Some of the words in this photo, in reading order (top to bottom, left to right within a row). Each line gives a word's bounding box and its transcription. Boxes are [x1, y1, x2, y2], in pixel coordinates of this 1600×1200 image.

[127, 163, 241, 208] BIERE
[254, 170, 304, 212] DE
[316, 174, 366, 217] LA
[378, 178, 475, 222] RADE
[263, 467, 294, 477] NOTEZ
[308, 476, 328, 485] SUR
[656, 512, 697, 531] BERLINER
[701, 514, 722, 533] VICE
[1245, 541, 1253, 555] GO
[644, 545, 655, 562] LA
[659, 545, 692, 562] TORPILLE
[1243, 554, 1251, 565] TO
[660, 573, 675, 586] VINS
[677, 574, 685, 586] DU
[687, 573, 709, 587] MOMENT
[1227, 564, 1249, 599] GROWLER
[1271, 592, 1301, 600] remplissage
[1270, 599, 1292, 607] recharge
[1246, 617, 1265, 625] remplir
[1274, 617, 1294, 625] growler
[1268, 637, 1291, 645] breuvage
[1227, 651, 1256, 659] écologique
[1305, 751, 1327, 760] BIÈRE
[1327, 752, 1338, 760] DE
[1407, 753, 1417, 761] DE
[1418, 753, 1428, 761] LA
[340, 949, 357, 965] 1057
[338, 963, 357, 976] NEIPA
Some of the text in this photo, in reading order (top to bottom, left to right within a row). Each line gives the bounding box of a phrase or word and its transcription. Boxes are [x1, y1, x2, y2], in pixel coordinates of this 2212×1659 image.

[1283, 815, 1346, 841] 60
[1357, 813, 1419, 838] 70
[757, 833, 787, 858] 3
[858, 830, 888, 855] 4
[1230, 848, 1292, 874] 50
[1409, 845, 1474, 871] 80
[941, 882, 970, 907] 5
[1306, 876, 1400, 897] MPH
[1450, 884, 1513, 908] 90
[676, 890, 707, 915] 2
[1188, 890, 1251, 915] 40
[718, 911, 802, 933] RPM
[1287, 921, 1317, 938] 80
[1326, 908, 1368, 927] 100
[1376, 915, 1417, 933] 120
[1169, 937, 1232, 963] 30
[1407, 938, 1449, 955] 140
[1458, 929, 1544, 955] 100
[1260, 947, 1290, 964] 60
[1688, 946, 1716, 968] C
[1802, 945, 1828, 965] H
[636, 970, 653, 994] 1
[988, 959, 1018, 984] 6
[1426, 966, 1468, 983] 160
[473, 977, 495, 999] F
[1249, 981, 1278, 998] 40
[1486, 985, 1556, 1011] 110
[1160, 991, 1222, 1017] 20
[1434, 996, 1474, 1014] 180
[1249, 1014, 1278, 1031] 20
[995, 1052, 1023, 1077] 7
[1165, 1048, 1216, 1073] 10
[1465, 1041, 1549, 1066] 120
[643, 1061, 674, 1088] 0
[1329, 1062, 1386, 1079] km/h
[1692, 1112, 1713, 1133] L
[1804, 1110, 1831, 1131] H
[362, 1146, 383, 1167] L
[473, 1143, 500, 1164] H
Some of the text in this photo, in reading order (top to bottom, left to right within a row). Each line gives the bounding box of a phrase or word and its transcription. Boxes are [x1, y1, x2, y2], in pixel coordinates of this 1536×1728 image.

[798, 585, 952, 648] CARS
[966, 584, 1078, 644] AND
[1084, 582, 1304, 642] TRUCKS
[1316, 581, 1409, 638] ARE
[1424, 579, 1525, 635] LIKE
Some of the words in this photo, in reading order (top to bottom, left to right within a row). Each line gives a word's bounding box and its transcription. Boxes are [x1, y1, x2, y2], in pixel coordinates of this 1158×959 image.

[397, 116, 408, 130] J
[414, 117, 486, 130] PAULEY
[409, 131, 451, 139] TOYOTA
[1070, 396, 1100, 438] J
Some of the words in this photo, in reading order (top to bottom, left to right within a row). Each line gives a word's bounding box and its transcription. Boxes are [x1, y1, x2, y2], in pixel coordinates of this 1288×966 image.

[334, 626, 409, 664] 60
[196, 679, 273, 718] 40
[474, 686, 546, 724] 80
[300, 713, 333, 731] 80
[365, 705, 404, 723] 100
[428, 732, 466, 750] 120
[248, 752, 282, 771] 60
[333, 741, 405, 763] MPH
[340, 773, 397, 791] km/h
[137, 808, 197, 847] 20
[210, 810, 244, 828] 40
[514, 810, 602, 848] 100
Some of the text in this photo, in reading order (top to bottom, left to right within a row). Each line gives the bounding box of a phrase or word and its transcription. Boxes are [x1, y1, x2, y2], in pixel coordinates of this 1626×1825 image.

:::::

WHAT IS BEING ASKED:
Each entry should be written out again exactly, with no word left out.

WRITTEN ANSWER:
Some of the words in this photo, in reading order (top to bottom, left to right within a row). Each line gives a word's bounding box and its transcription. Boxes are [x1, y1, x2, y2], in pixel coordinates of this 1600×1200 image.

[127, 163, 241, 208] BIERE
[254, 170, 304, 212] DE
[316, 174, 366, 217] LA
[378, 178, 475, 222] RADE
[263, 467, 294, 477] NOTEZ
[308, 476, 328, 485] SUR
[656, 512, 697, 531] BERLINER
[701, 514, 722, 533] VICE
[1245, 541, 1253, 555] GO
[644, 545, 655, 562] LA
[659, 545, 692, 562] TORPILLE
[1243, 554, 1251, 565] TO
[660, 573, 675, 586] VINS
[677, 574, 685, 586] DU
[687, 573, 709, 587] MOMENT
[1227, 564, 1249, 599] GROWLER
[1271, 592, 1301, 600] remplissage
[1270, 599, 1292, 607] recharge
[1246, 617, 1265, 625] remplir
[1274, 617, 1294, 625] growler
[1268, 637, 1291, 645] breuvage
[1227, 651, 1256, 659] écologique
[1305, 751, 1327, 760] BIÈRE
[1327, 752, 1338, 760] DE
[1407, 753, 1417, 761] DE
[1418, 753, 1428, 761] LA
[340, 949, 357, 965] 1057
[338, 963, 357, 976] NEIPA
Some of the text in this photo, in reading order (top to bottom, left to right within a row). Each line gives the bounding box of a phrase or word and its transcription. Boxes are [x1, y1, x2, y2], in pixel coordinates of this 2212×1659 image.

[1283, 815, 1346, 841] 60
[1357, 813, 1419, 838] 70
[757, 833, 787, 858] 3
[858, 830, 888, 855] 4
[1230, 848, 1292, 874] 50
[1409, 845, 1474, 871] 80
[941, 882, 970, 907] 5
[1306, 876, 1400, 897] MPH
[1450, 884, 1513, 908] 90
[676, 890, 707, 915] 2
[1188, 890, 1251, 915] 40
[718, 911, 802, 933] RPM
[1287, 921, 1317, 938] 80
[1326, 908, 1368, 927] 100
[1376, 915, 1417, 933] 120
[1169, 937, 1232, 963] 30
[1407, 938, 1449, 955] 140
[1458, 929, 1544, 955] 100
[1260, 947, 1290, 964] 60
[1688, 946, 1716, 968] C
[1802, 945, 1828, 965] H
[636, 970, 653, 994] 1
[988, 959, 1018, 984] 6
[1426, 966, 1468, 983] 160
[473, 977, 495, 999] F
[1249, 981, 1278, 998] 40
[1486, 985, 1556, 1011] 110
[1160, 991, 1222, 1017] 20
[1434, 996, 1474, 1014] 180
[1249, 1014, 1278, 1031] 20
[995, 1052, 1023, 1077] 7
[1165, 1048, 1216, 1073] 10
[1465, 1041, 1549, 1066] 120
[643, 1061, 674, 1088] 0
[1329, 1062, 1386, 1079] km/h
[1692, 1112, 1713, 1133] L
[1804, 1110, 1831, 1131] H
[362, 1146, 383, 1167] L
[473, 1143, 500, 1164] H
Some of the text in this photo, in reading order (top to bottom, left to right within a row). Each line gives the bounding box of a phrase or word and its transcription. Boxes are [x1, y1, x2, y2], in pixel coordinates of this 1536×1728 image.

[798, 585, 952, 648] CARS
[966, 584, 1078, 644] AND
[1084, 582, 1304, 642] TRUCKS
[1316, 581, 1409, 638] ARE
[1424, 579, 1525, 635] LIKE
Some of the words in this photo, in reading order (top to bottom, left to right within a row). Each line gives a word's bounding box and its transcription. Boxes are [x1, y1, x2, y2], in pixel coordinates of this 1158×959 image.

[397, 116, 408, 130] J
[414, 117, 486, 130] PAULEY
[409, 131, 451, 139] TOYOTA
[1070, 396, 1100, 438] J
Some of the words in this photo, in reading order (top to bottom, left to right within a row). Each line gives a word's bounding box and its transcription. Boxes are [x1, y1, x2, y2], in pixel coordinates of this 1288×966 image.

[334, 626, 409, 664] 60
[196, 679, 273, 718] 40
[474, 686, 546, 724] 80
[300, 713, 333, 731] 80
[365, 705, 404, 723] 100
[428, 732, 466, 750] 120
[248, 752, 282, 771] 60
[333, 741, 405, 763] MPH
[340, 773, 397, 791] km/h
[137, 808, 197, 847] 20
[210, 810, 244, 828] 40
[514, 810, 602, 848] 100
Some of the text in this photo, in reading order (top to bottom, left to right within a row). Each line gives the bounding box of a phrase or word and its transcription. Boxes are [x1, y1, x2, y2], in pixel coordinates of this 1626×1825 image.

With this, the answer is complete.